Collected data
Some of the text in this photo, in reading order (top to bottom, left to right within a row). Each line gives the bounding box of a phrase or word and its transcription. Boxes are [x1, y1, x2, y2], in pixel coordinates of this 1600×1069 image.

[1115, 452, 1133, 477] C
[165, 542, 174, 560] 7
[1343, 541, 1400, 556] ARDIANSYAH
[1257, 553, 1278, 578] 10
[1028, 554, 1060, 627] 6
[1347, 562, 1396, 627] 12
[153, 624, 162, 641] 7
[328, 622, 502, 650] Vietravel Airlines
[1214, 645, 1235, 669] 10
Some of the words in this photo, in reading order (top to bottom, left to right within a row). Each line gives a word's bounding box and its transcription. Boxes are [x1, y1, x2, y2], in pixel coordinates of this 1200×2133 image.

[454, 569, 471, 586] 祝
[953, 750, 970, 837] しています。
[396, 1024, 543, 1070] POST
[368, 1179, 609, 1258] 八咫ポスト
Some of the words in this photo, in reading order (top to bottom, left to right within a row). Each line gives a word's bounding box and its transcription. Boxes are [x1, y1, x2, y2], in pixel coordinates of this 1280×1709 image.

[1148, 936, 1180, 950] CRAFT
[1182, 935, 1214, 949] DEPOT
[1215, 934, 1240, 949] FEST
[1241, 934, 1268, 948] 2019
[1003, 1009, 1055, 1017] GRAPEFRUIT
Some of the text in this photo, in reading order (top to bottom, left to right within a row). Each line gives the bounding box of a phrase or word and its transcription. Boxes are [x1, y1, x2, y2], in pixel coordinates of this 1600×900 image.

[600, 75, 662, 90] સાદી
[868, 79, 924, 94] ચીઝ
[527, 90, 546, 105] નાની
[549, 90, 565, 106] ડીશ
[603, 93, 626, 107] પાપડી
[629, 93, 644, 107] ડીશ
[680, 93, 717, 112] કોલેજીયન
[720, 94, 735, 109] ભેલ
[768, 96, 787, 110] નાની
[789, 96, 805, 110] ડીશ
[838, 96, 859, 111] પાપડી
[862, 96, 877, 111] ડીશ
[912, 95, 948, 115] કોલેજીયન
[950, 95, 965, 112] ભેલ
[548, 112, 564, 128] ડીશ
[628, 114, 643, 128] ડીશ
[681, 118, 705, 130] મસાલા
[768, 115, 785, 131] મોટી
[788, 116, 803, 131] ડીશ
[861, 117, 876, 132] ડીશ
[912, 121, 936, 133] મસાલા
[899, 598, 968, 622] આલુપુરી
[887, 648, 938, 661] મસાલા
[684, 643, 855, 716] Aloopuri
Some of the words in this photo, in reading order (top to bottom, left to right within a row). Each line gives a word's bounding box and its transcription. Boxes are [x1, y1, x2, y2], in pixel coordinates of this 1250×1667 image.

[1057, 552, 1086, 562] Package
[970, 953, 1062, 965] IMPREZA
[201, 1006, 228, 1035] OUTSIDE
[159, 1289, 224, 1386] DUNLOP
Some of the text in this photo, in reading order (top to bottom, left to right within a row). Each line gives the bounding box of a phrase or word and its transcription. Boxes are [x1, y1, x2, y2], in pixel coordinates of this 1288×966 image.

• DIRECTIONS: Retype every line above with nothing changed.

• COMPLETED EXERCISE:
Some of the text in this photo, in reading order (top to bottom, left to right within a row). Each line gives the bounding box of a phrase or word and its transcription. Boxes are [x1, y1, x2, y2], in pixel coordinates of this 1600×1069 image.

[1115, 452, 1133, 477] C
[165, 542, 174, 560] 7
[1343, 541, 1400, 556] ARDIANSYAH
[1257, 553, 1278, 578] 10
[1028, 554, 1060, 627] 6
[1347, 562, 1396, 627] 12
[153, 624, 162, 641] 7
[328, 622, 502, 650] Vietravel Airlines
[1214, 645, 1235, 669] 10
Some of the words in this photo, in reading order (top to bottom, left to right within a row). Each line gives a word's bounding box and its transcription. Boxes are [x1, y1, x2, y2], in pixel coordinates of this 1200×2133 image.

[454, 569, 471, 586] 祝
[953, 750, 970, 837] しています。
[396, 1024, 543, 1070] POST
[368, 1179, 609, 1258] 八咫ポスト
Some of the words in this photo, in reading order (top to bottom, left to right within a row). Each line gives a word's bounding box and its transcription. Boxes are [x1, y1, x2, y2], in pixel coordinates of this 1280×1709 image.

[1148, 936, 1180, 950] CRAFT
[1182, 935, 1214, 949] DEPOT
[1215, 934, 1240, 949] FEST
[1241, 934, 1268, 948] 2019
[1003, 1009, 1055, 1017] GRAPEFRUIT
Some of the text in this photo, in reading order (top to bottom, left to right within a row). Each line gives the bounding box of a phrase or word and its transcription. Boxes are [x1, y1, x2, y2], in pixel coordinates of this 1600×900 image.

[600, 75, 662, 90] સાદી
[868, 79, 924, 94] ચીઝ
[527, 90, 546, 105] નાની
[549, 90, 565, 106] ડીશ
[603, 93, 626, 107] પાપડી
[629, 93, 644, 107] ડીશ
[680, 93, 717, 112] કોલેજીયન
[720, 94, 735, 109] ભેલ
[768, 96, 787, 110] નાની
[789, 96, 805, 110] ડીશ
[838, 96, 859, 111] પાપડી
[862, 96, 877, 111] ડીશ
[912, 95, 948, 115] કોલેજીયન
[950, 95, 965, 112] ભેલ
[548, 112, 564, 128] ડીશ
[628, 114, 643, 128] ડીશ
[681, 118, 705, 130] મસાલા
[768, 115, 785, 131] મોટી
[788, 116, 803, 131] ડીશ
[861, 117, 876, 132] ડીશ
[912, 121, 936, 133] મસાલા
[899, 598, 968, 622] આલુપુરી
[887, 648, 938, 661] મસાલા
[684, 643, 855, 716] Aloopuri
Some of the words in this photo, in reading order (top to bottom, left to right within a row). Each line gives a word's bounding box and its transcription. Boxes are [x1, y1, x2, y2], in pixel coordinates of this 1250×1667 image.

[1057, 552, 1086, 562] Package
[970, 953, 1062, 965] IMPREZA
[201, 1006, 228, 1035] OUTSIDE
[159, 1289, 224, 1386] DUNLOP
Some of the text in this photo, in reading order (top to bottom, left to right within a row). Each line gives the bounding box of a phrase or word and its transcription. Boxes are [x1, y1, x2, y2], in pixel coordinates of this 1288×966 image.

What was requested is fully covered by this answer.